Interview Questions & MAANG-Level Answers

Q1. What is the difference between JDK, JRE and JVM?
JVM (Java Virtual Machine) is the engine that executes bytecode — it contains Class Loader, Execution Engine (Interpreter + JIT), Memory areas, and Garbage Collector. JRE (Java Runtime Environment) = JVM + Java class libraries (java.lang, java.util, java.io etc.) — everything needed to RUN Java programs. JDK (Java Development Kit) = JRE + development tools (javac compiler, jdb debugger, jar tool, javadoc generator) — everything needed to DEVELOP Java programs. They are nested: JVM ⊂ JRE ⊂ JDK.
Q2. What tools come with the JDK?
Key JDK tools: javac — compiler, converts .java to .class bytecode. java — launcher, starts JVM and runs .class files. jar — creates and manages .jar archive files. javadoc — generates HTML documentation from code comments. jdb — Java debugger. jconsole / jvisualvm — JVM monitoring and profiling. jstack — prints thread dumps (critical for debugging deadlocks in production). jmap — heap dump analysis. javap — disassembles .class files to view bytecode.
Q3. What is JAVA_HOME and why is it important?
JAVA_HOME is an environment variable pointing to the JDK installation directory. Many tools (Maven, Gradle, Tomcat, IDEs) rely on JAVA_HOME to find the JDK. Without it, builds fail with "JAVA_HOME not set" errors. %JAVA_HOME%/bin added to PATH enables running java, javac from any terminal directory. In production: multiple Java versions can coexist — JAVA_HOME determines which is active. Tools like jenv (Mac/Linux) or SDKMAN manage multiple JDK versions cleanly.
Q4. What is OpenJDK vs Oracle JDK?
Oracle JDK: Official Oracle distribution, free for development but requires commercial license for production use (since Java 11). OpenJDK: Open-source reference implementation, completely free including production use, community maintained. Feature-wise they are nearly identical (Oracle JDK had some extras historically but gap has closed). In practice: most companies use OpenJDK distributions (Amazon Corretto, Microsoft OpenJDK, Eclipse Temurin/Adoptium) in production. For interviews: both compile and run the same Java code identically.
Q5. What is the LTS (Long-Term Support) release model?
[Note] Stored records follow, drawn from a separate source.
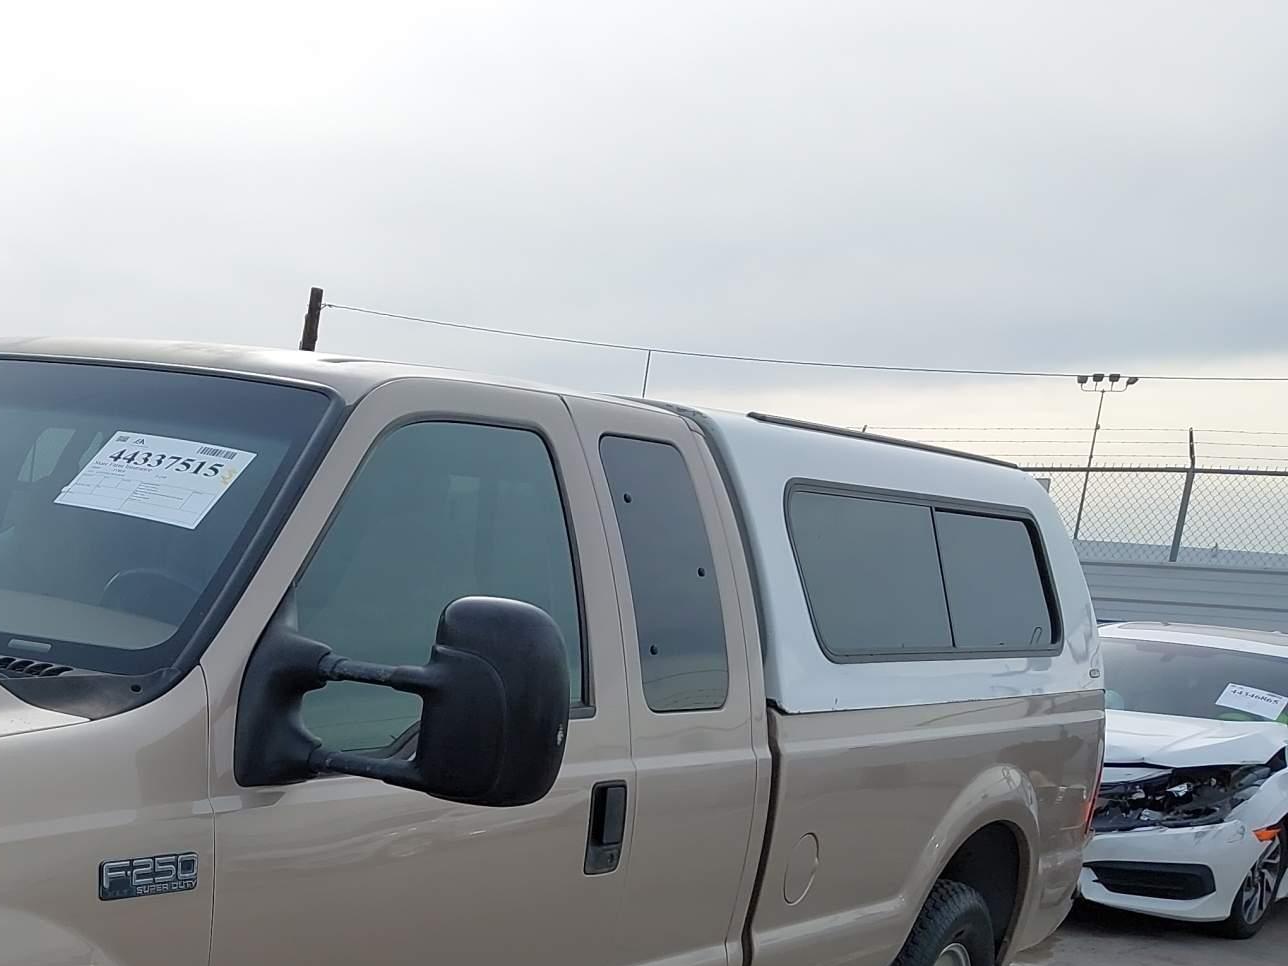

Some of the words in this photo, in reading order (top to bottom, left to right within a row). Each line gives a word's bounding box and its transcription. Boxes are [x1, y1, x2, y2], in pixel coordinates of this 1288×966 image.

[108, 449, 225, 477] 44337515
[136, 883, 169, 894] SUPER
[171, 880, 197, 889] DUTY
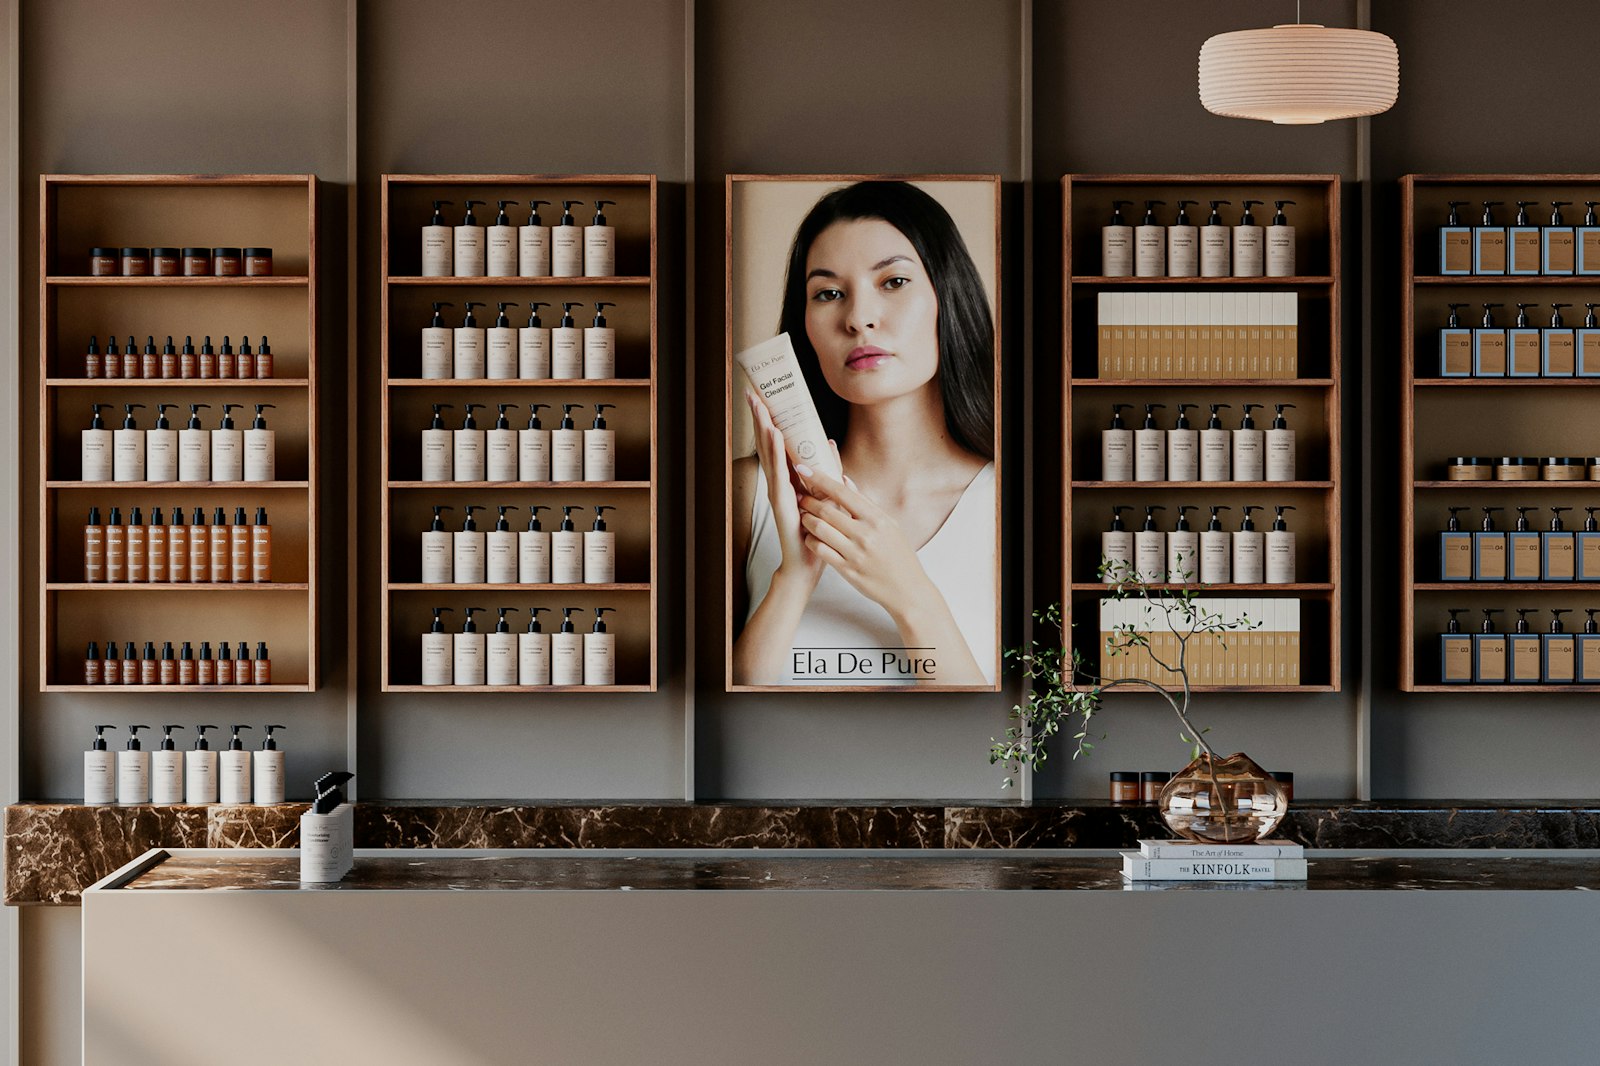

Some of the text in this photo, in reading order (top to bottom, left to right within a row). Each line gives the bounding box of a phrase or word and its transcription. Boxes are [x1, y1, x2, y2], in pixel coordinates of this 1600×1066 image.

[760, 372, 793, 390] Gel Facial
[764, 381, 795, 398] Cleanser
[794, 651, 936, 674] Ela De Pure
[1192, 864, 1250, 875] KINFOLK
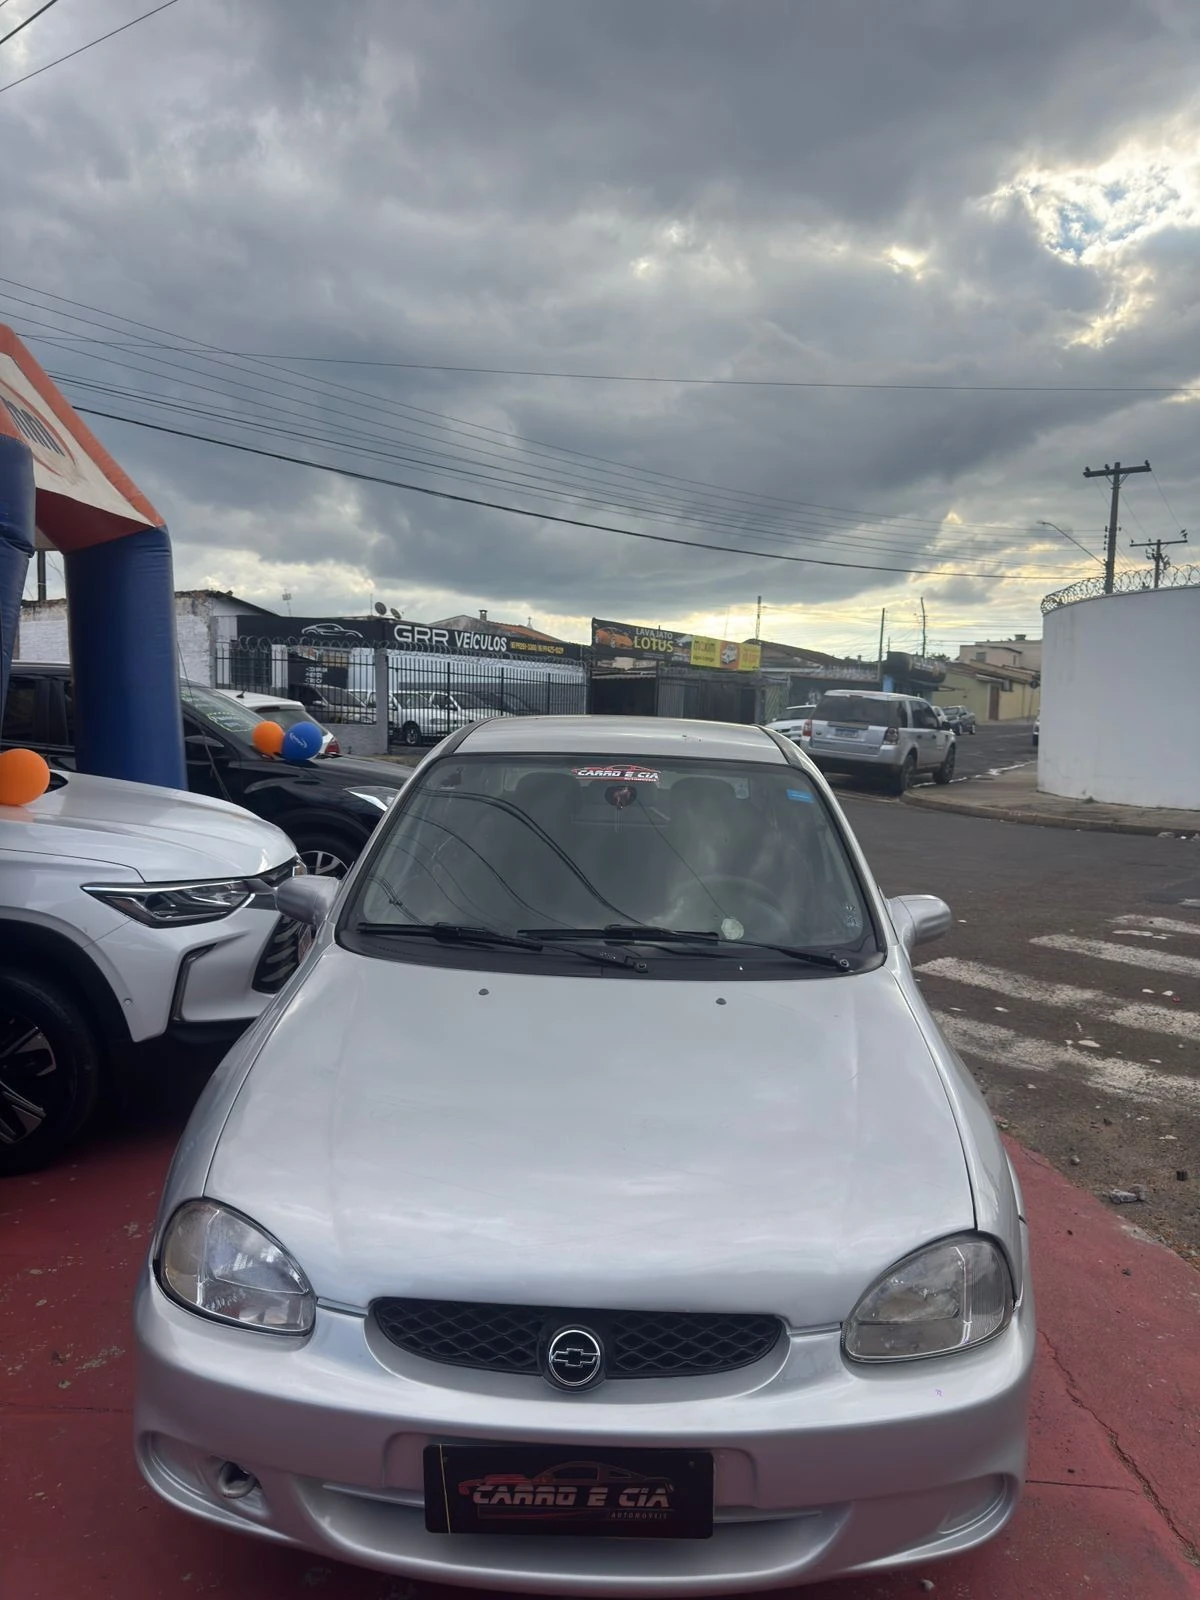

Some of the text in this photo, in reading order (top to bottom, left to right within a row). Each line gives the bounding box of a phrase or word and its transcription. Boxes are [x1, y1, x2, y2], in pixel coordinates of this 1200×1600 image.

[394, 625, 449, 646] GRR
[454, 631, 507, 652] VEÍCULOS
[634, 636, 673, 653] LOTUS
[577, 769, 621, 777] CARRO
[473, 1485, 578, 1505] CARRO
[587, 1487, 609, 1506] E
Java releases a new version every 6 months but only some are LTS (Long-Term Support) with multi-year security patches. LTS versions: Java 8 (2014, still widely used), Java 11 (2018), Java 17 (2021), Java 21 (2023). Non-LTS versions get support for only 6 months. Production systems almost always use LTS versions for stability. Java 21 is the current LTS as of 2024. Interview context: knowing which Java version a company uses matters — many enterprises still run Java 11 or 17.